Supplied records:

####################

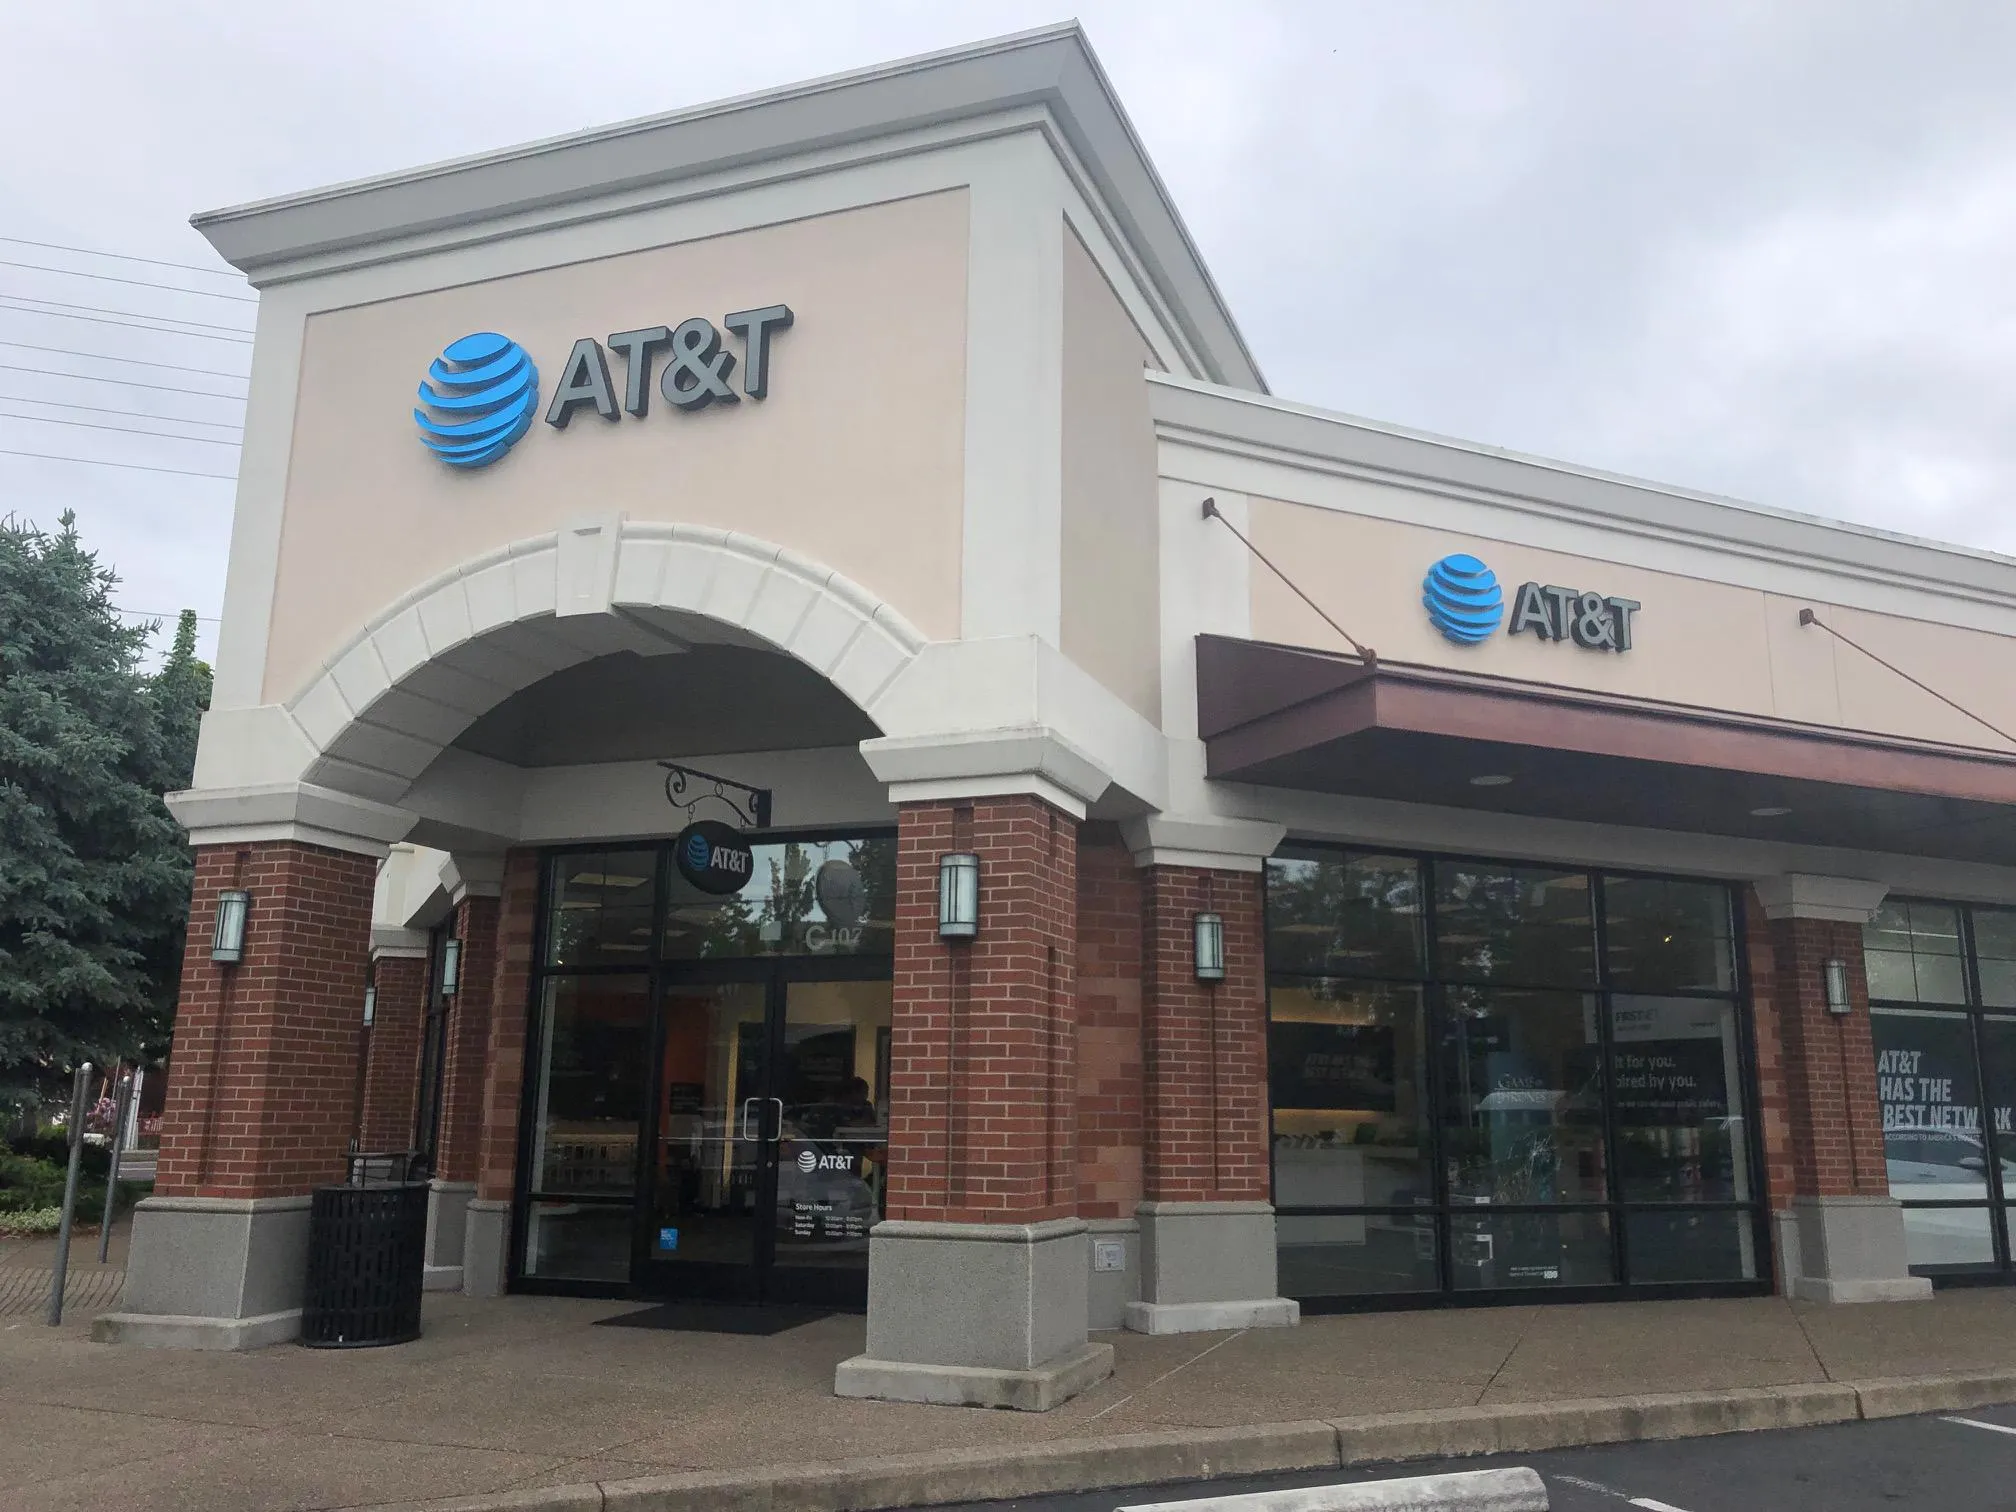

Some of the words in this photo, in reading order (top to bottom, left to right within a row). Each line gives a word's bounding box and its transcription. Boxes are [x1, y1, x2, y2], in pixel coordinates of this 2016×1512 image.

[545, 304, 794, 429] AT&T
[1508, 582, 1641, 652] AT&T
[711, 846, 749, 873] AT&T
[1627, 1054, 1645, 1068] for
[1648, 1057, 1676, 1070] you.
[1878, 1050, 1921, 1074] AT&T
[1669, 1076, 1696, 1091] you.
[1880, 1077, 1914, 1101] HAS
[1919, 1078, 1952, 1102] THE
[1883, 1104, 1927, 1129] BEST
[1930, 1106, 2011, 1130] NETWRK
[818, 1155, 854, 1169] AT&T
[795, 1203, 813, 1211] Store
[814, 1203, 832, 1212] Hours
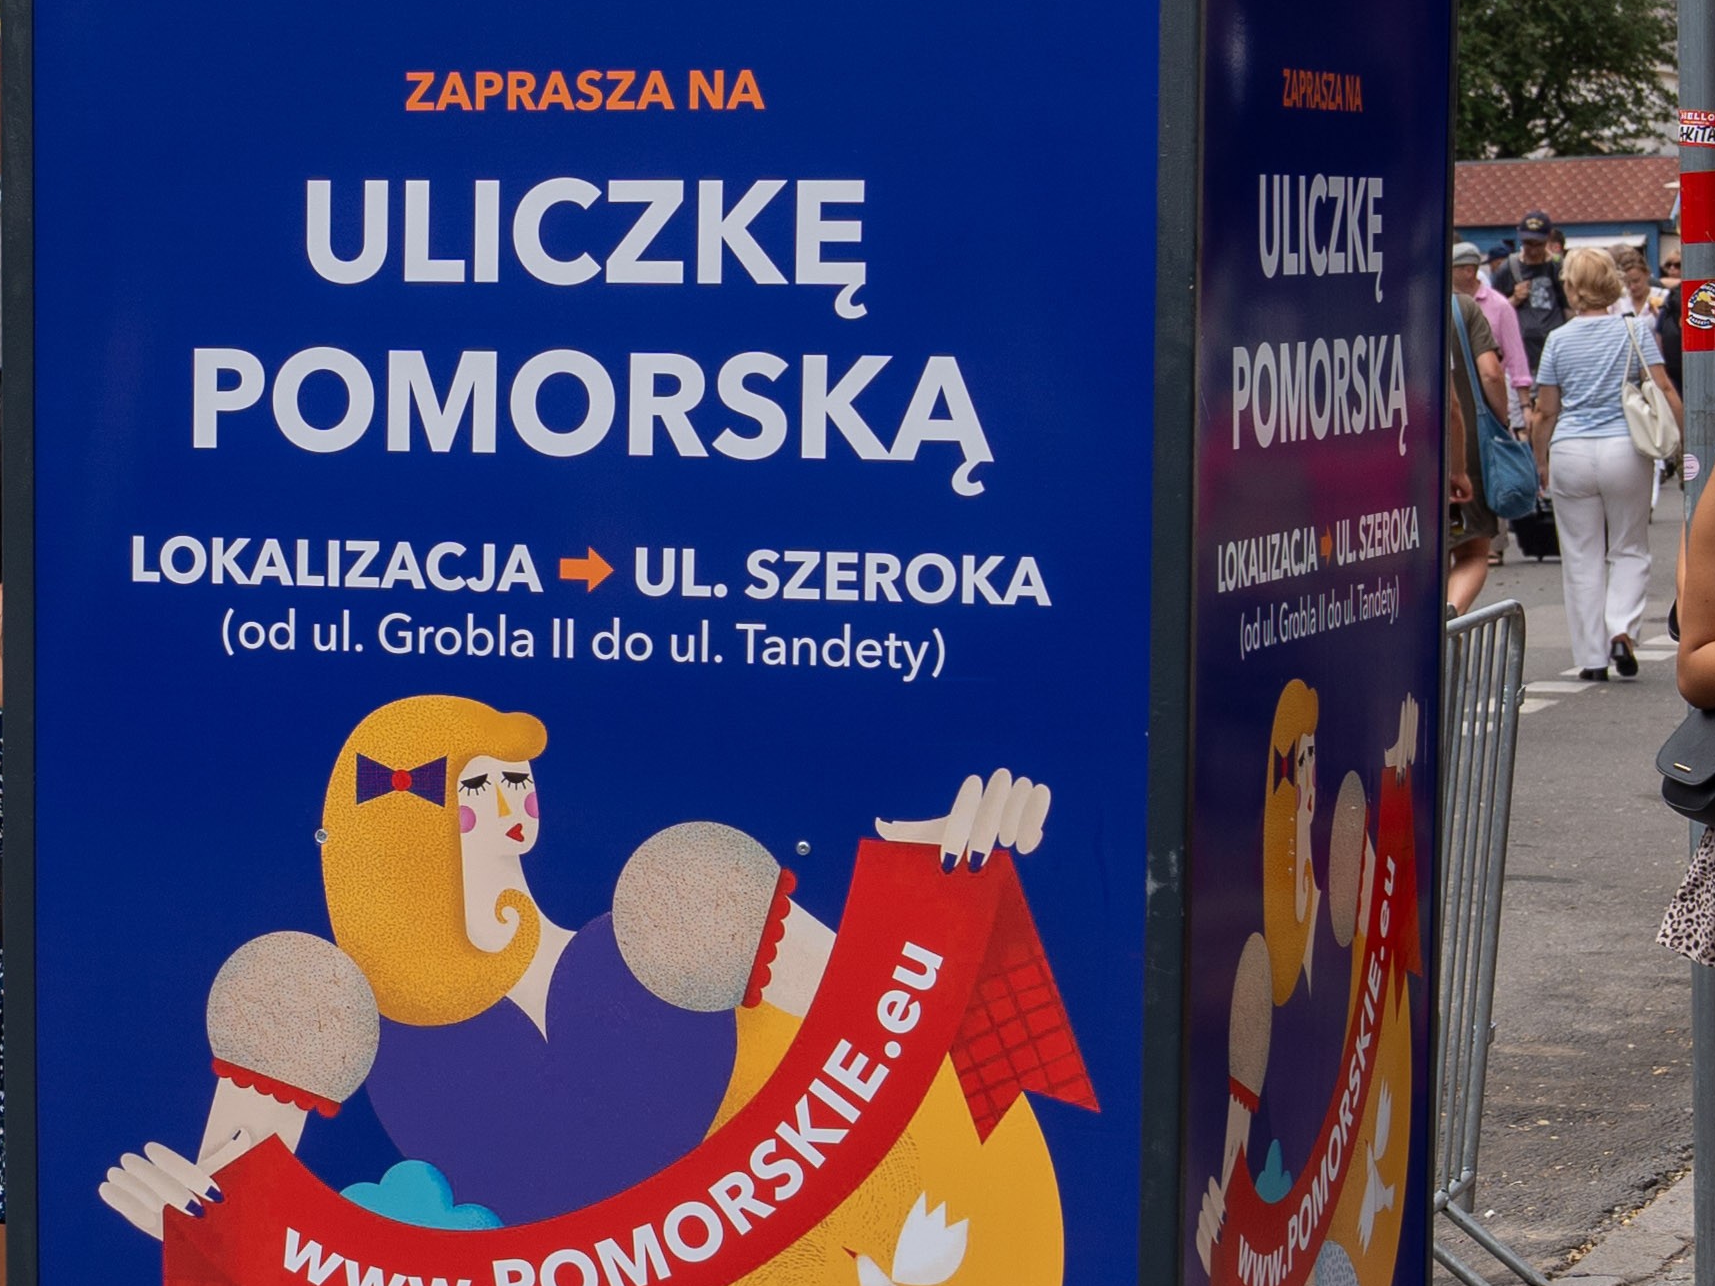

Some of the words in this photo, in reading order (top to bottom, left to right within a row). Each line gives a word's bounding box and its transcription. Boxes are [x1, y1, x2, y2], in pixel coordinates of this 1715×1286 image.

[405, 69, 675, 113] ZAPRASZA
[687, 69, 766, 112] NA
[1282, 68, 1344, 111] ZAPRASZA
[1345, 73, 1364, 113] NA
[305, 176, 870, 320] ULICZKĘ
[1259, 173, 1383, 303] ULICZKĘ
[191, 346, 997, 498] POMORSKĄ
[1232, 333, 1409, 457] POMORSKĄ
[131, 535, 544, 594] LOKALIZACJA
[634, 546, 728, 599] UL.
[744, 548, 1053, 607] SZEROKA
[1218, 526, 1318, 593] LOKALIZACJA
[1336, 519, 1356, 566] UL.
[1358, 506, 1420, 561] SZEROKA
[219, 607, 296, 657] (od
[313, 609, 364, 652] ul.
[377, 611, 535, 659] Grobla
[551, 617, 575, 660] II
[590, 617, 654, 662] do
[669, 619, 723, 664] ul.
[735, 622, 947, 684] Tandety)
[1240, 606, 1261, 661] (od
[1262, 604, 1277, 647] ul.
[1278, 595, 1317, 643] Grobla
[1327, 588, 1342, 630] do
[1343, 584, 1356, 625] ul.
[1357, 575, 1400, 624] Tandety)

####################

Problem: The reply should consist of the listing restated word for word, with its pictures removed.

Exercise response:
Some of the words in this photo, in reading order (top to bottom, left to right within a row). Each line gives a word's bounding box and its transcription. Boxes are [x1, y1, x2, y2], in pixel coordinates of this 2016×1512 image.

[545, 304, 794, 429] AT&T
[1508, 582, 1641, 652] AT&T
[711, 846, 749, 873] AT&T
[1627, 1054, 1645, 1068] for
[1648, 1057, 1676, 1070] you.
[1878, 1050, 1921, 1074] AT&T
[1669, 1076, 1696, 1091] you.
[1880, 1077, 1914, 1101] HAS
[1919, 1078, 1952, 1102] THE
[1883, 1104, 1927, 1129] BEST
[1930, 1106, 2011, 1130] NETWRK
[818, 1155, 854, 1169] AT&T
[795, 1203, 813, 1211] Store
[814, 1203, 832, 1212] Hours

Some of the words in this photo, in reading order (top to bottom, left to right within a row). Each line gives a word's bounding box and its transcription. Boxes are [x1, y1, x2, y2], in pixel coordinates of this 1715×1286 image.

[405, 69, 675, 113] ZAPRASZA
[687, 69, 766, 112] NA
[1282, 68, 1344, 111] ZAPRASZA
[1345, 73, 1364, 113] NA
[305, 176, 870, 320] ULICZKĘ
[1259, 173, 1383, 303] ULICZKĘ
[191, 346, 997, 498] POMORSKĄ
[1232, 333, 1409, 457] POMORSKĄ
[131, 535, 544, 594] LOKALIZACJA
[634, 546, 728, 599] UL.
[744, 548, 1053, 607] SZEROKA
[1218, 526, 1318, 593] LOKALIZACJA
[1336, 519, 1356, 566] UL.
[1358, 506, 1420, 561] SZEROKA
[219, 607, 296, 657] (od
[313, 609, 364, 652] ul.
[377, 611, 535, 659] Grobla
[551, 617, 575, 660] II
[590, 617, 654, 662] do
[669, 619, 723, 664] ul.
[735, 622, 947, 684] Tandety)
[1240, 606, 1261, 661] (od
[1262, 604, 1277, 647] ul.
[1278, 595, 1317, 643] Grobla
[1327, 588, 1342, 630] do
[1343, 584, 1356, 625] ul.
[1357, 575, 1400, 624] Tandety)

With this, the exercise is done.